It was a dark New moon night when having defeated the demon Ravana and completing 14 years of exile, Lord Ram returned to Ayodhya along with his wife Sita and brother Laxman. Igniting the dreary land with the historic victory, the return of the noble king marked a celebration. Thus, to commemorate the triumph of good over evil, people began the tradition of decorating their homes with oil lamps (diyas), and the celebration came to be known as Diwali or Deepavali which means ‘Festival of lamps/light’.

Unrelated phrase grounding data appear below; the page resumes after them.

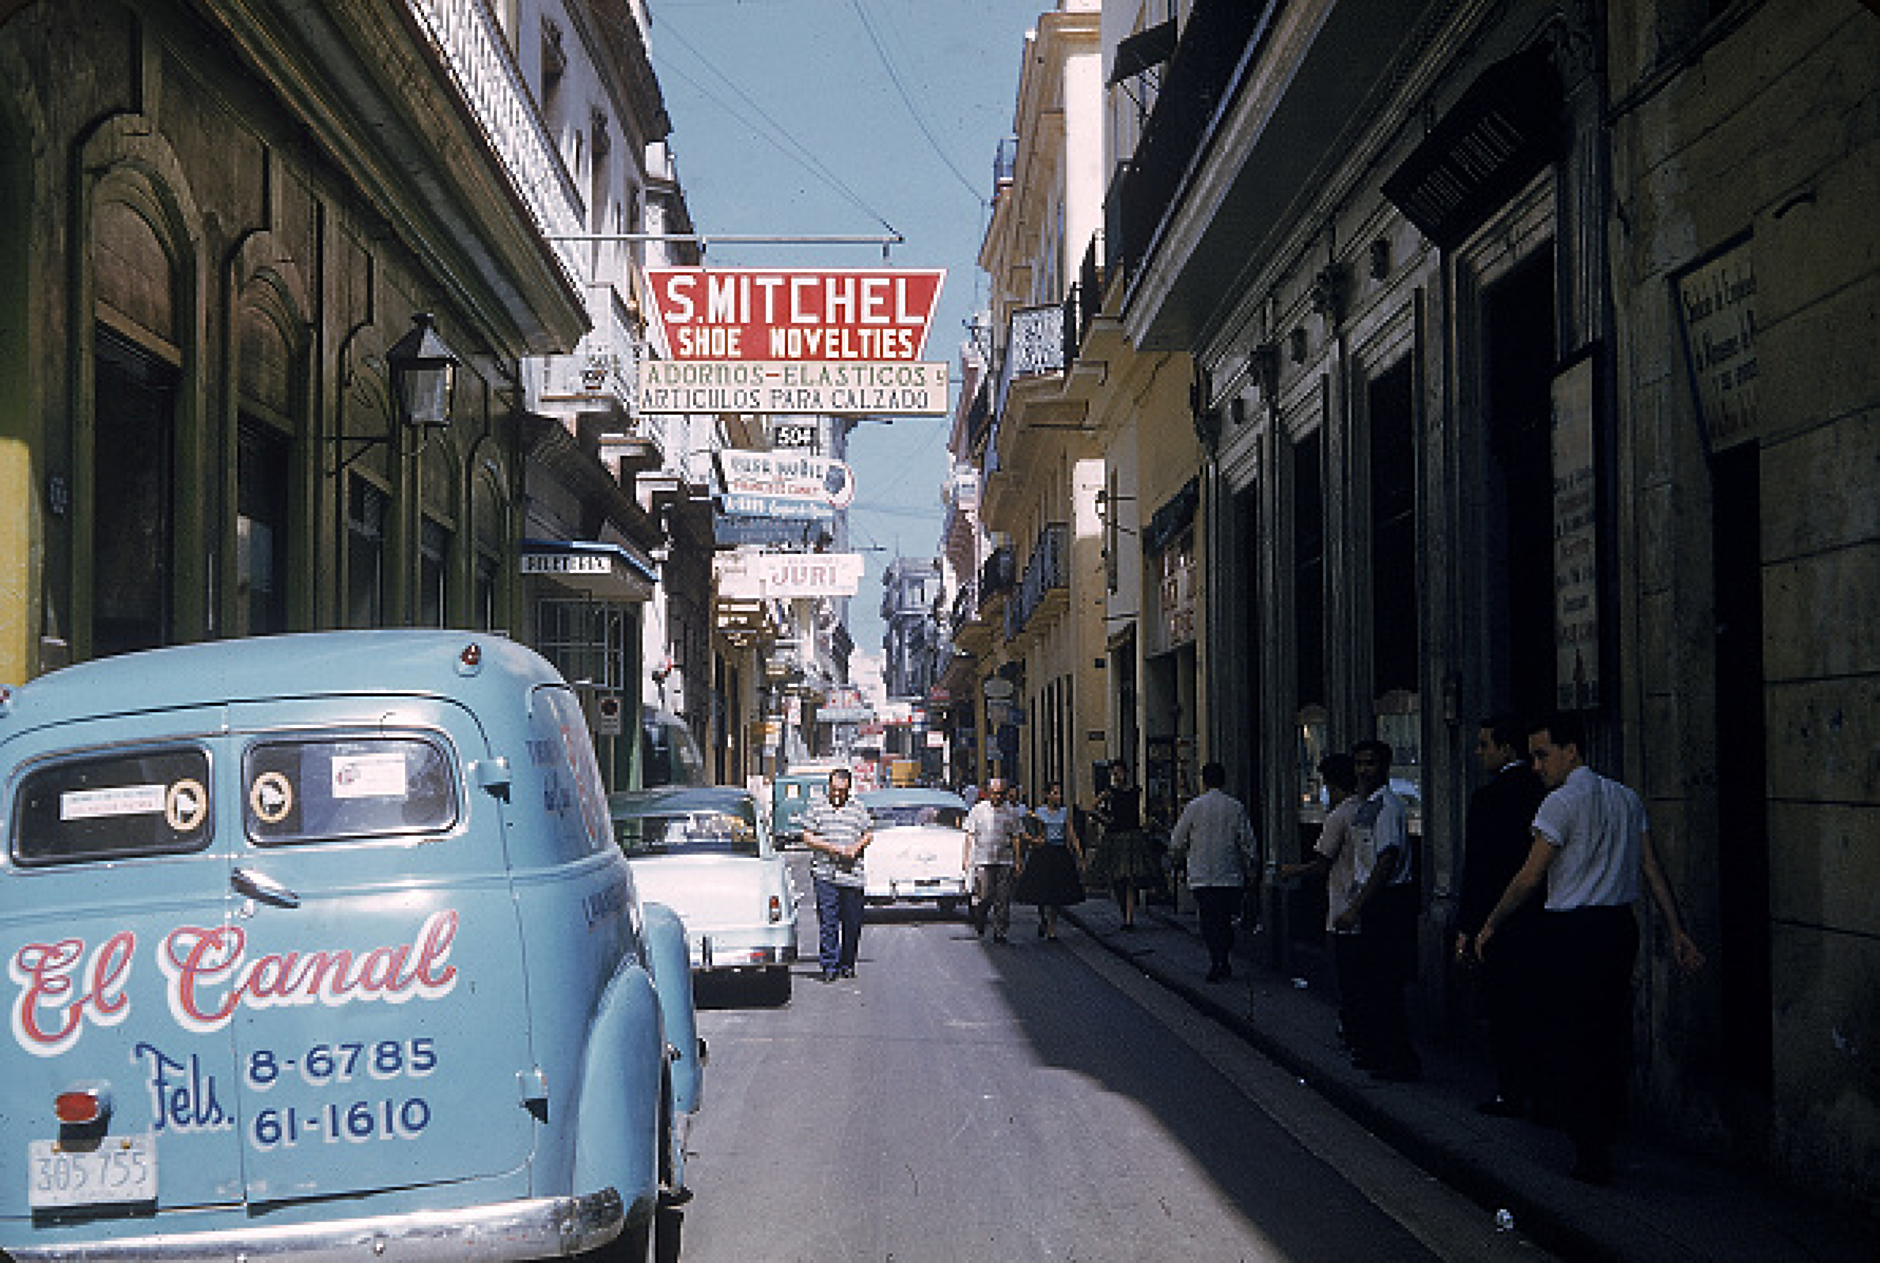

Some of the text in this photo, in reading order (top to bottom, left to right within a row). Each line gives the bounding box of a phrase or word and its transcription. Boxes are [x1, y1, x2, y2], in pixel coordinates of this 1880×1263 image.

[664, 275, 925, 324] S.MITCHEL
[677, 327, 913, 358] SHOE NOVELTIES
[642, 388, 928, 409] ARTICULOS PARA CALZADO
[9, 909, 460, 1056] El Canal
[245, 1038, 438, 1089] 8-6785
[251, 1098, 431, 1151] 61-1610

An electrifying atmosphere with sweets, music, and sumptuous food, what else do you need? Since it’s also the start of the Hindu New Year, it’s an excuse to buy new clothes, gorge yourself on sweets and meet long-lost aunts and cousins at the annual family bash. A time to revel in the company of loved ones, the celebration of Diwali goes on for a period of five days, beginning with Dhanteras, a day when it is considered auspicious to buy new utensils or coins made of precious metals, and ending with Bhaidooj, a day dedicated to brothers and sisters. Just like other parts of the country, Diwali in Uttar Pradesh is a grand affair. There is no dearth of enthusiasm and zeal when it comes to celebrating this festival in one of the biggest states of India. With lamps and lights lighting up cities and towns, fairs and festivities, firecrackers, and worshipping Goddess Lakshmi and Lord Ganesha, it is commendable how Uttar Pradesh, a large state with a skyrocketing population and diverse cultures, has kept the spirit and flavour of Diwali alive.

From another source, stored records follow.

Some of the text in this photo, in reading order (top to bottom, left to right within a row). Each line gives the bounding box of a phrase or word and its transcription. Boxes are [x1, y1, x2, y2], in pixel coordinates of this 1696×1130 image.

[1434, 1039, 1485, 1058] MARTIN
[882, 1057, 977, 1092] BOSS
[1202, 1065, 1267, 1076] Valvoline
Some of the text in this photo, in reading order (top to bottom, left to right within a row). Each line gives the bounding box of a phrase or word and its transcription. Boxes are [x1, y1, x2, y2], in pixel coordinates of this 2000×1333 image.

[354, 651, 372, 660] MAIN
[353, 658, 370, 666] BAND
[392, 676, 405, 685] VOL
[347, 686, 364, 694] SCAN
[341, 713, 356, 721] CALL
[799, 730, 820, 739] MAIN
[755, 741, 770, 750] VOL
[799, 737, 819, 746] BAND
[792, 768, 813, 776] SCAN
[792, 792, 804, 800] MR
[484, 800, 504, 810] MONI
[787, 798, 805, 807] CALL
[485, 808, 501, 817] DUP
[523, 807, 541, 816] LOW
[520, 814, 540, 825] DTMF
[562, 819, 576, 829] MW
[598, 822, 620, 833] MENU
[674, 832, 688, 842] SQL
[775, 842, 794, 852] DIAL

In Varanasi, the day of Diwali begins with people taking a dip in the Holy Ganges. After performing puja on the ghats, they light diyas (clay lamps) for aarti and let them float in the river. These millions of diyas actually create a dream-like mirage of the river coming to life. Hymns and chanting fill the air as the entire river lights up in a sea of flickering flames drifting gently along its surface, a picture that will move you regardless of your religious leanings or lack thereof. Indeed, Varanasi is worth a visit during Diwali, if only to see this particular site.

Similarly, Vrindavan and Mathura are some of the other cities of U.P. that celebrate Diwali in a manner larger than life. Like any other place, the cities wear a festive look, with colourful lights decorating the houses and the streets. Women adorn their homes with spectacular rangolis i.e. patterns of coloured powder and flower petals drawn at the doorsteps so as to welcome the goddess of wealth, Lakshmi. Some follow a tradition of putting a silver coin in a tumbler of milk, which is then sprinkled in all the rooms.

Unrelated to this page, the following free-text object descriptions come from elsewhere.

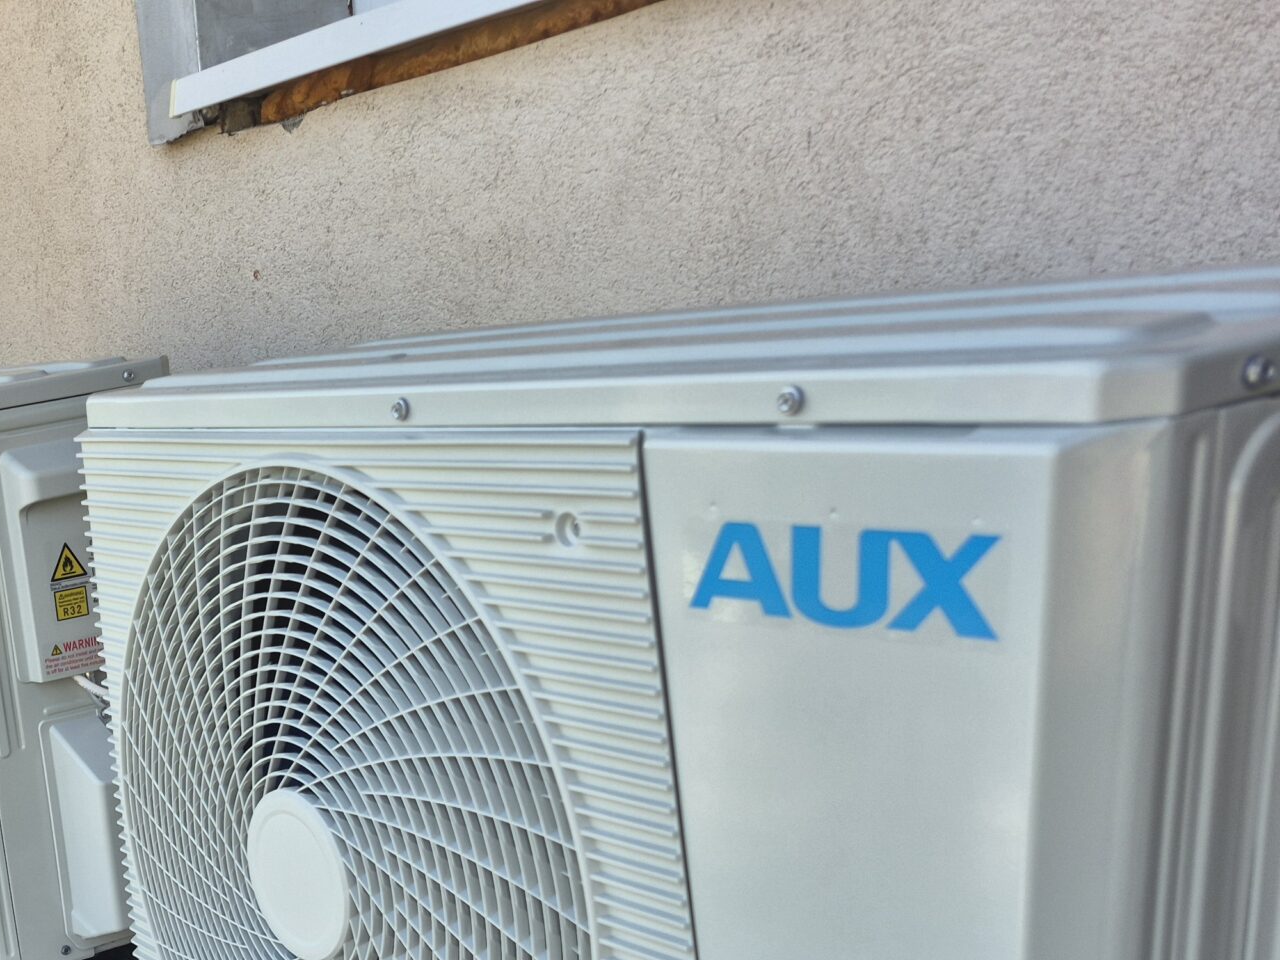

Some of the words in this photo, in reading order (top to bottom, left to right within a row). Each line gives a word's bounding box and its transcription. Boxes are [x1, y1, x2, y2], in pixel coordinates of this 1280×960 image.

[689, 521, 1002, 641] AUX
[63, 605, 82, 617] R32
[63, 636, 101, 652] WARNIN
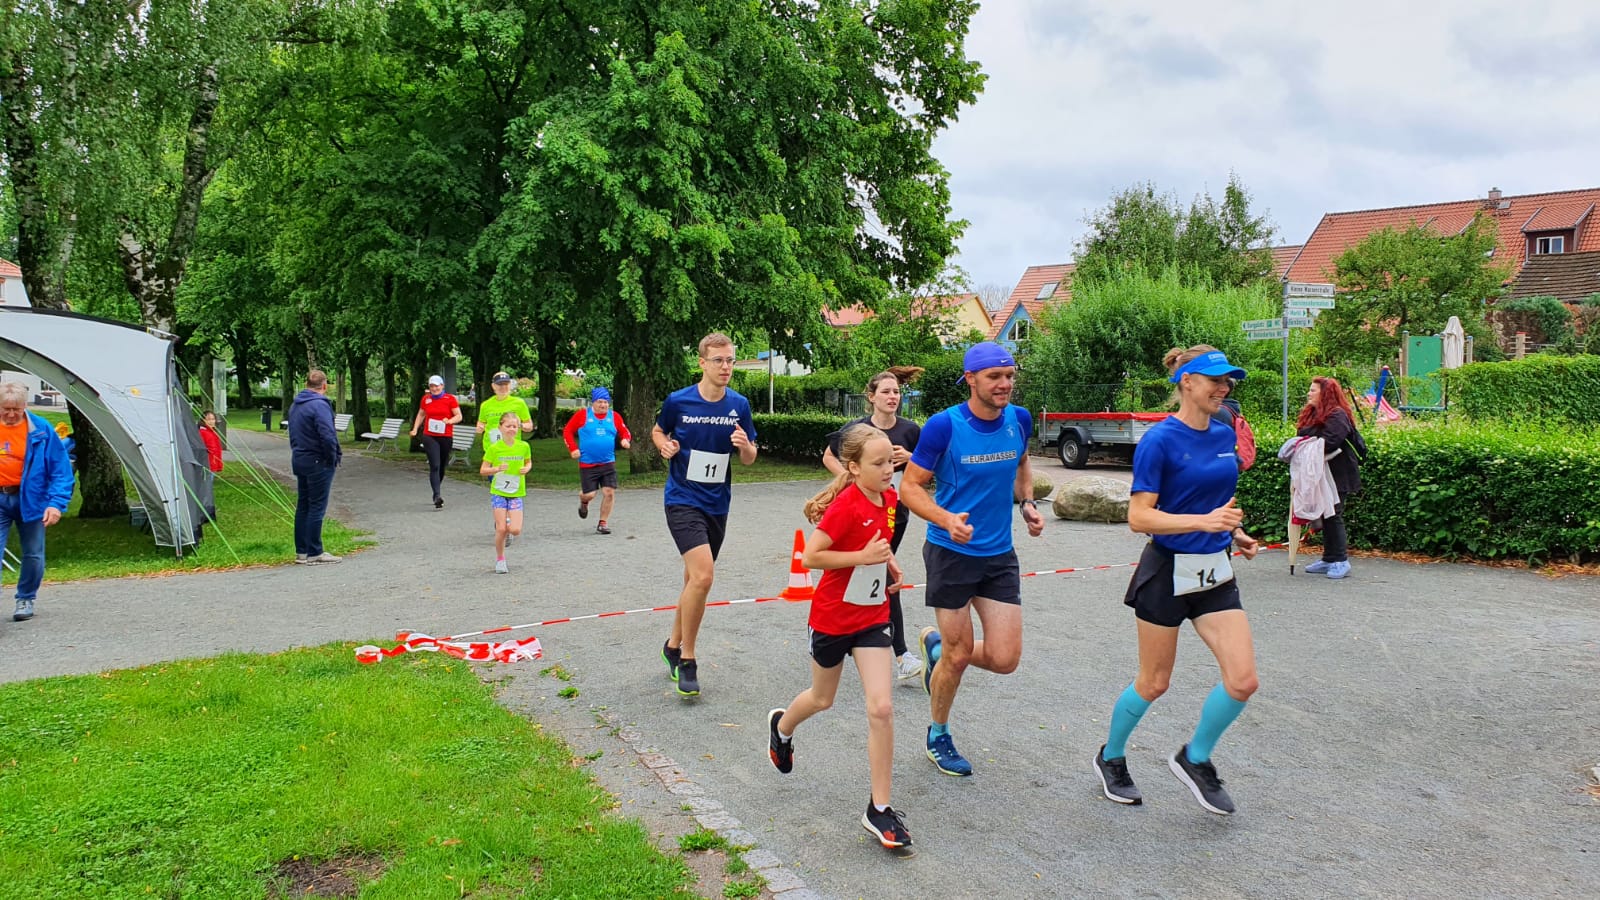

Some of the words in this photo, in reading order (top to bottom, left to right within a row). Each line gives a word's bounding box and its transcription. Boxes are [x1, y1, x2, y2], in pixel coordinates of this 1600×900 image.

[704, 463, 717, 478] 11
[503, 480, 511, 489] 7
[1196, 567, 1217, 588] 14
[869, 578, 881, 598] 2

With the echoes of the aartis and the aroma of the mithai or sumptuous delicacies, the entire state cheers up amidst the colourful fireworks that dazzle the sky and turn it into a kaleidoscope of myriad hues. “Shopping, gambling, whitewashing and beautification of houses are the part and parcel of the Diwali celebrations. The festival is a symbol of happiness and prosperity”, says Ayush Srivastava, a resident of Lucknow. “Diwali is a period of merriment. And the day brings us the joy of being together with the entire family”, chimes in another local from the city.

Certainly, for zillions of people, Deepavali also symbolizes a time for family reunions when friends and relatives get together to celebrate the day with gaiety and boundless fervour. Regardless of how tough a year has been – the sights and sounds of Diwali, the love, camaraderie and good cheer that pervades the atmosphere, diminishes sorrows and manages to rekindle hope in the hearts of the people. Indeed, Diwali is a celebration of life and all the good that it has to offer, it is a time for togetherness and bonding. Exuberant family gatherings, good food, showers of blessings and presents, and the beautiful adornments with lights flickering into life altogether make Diwali a sparkling experience.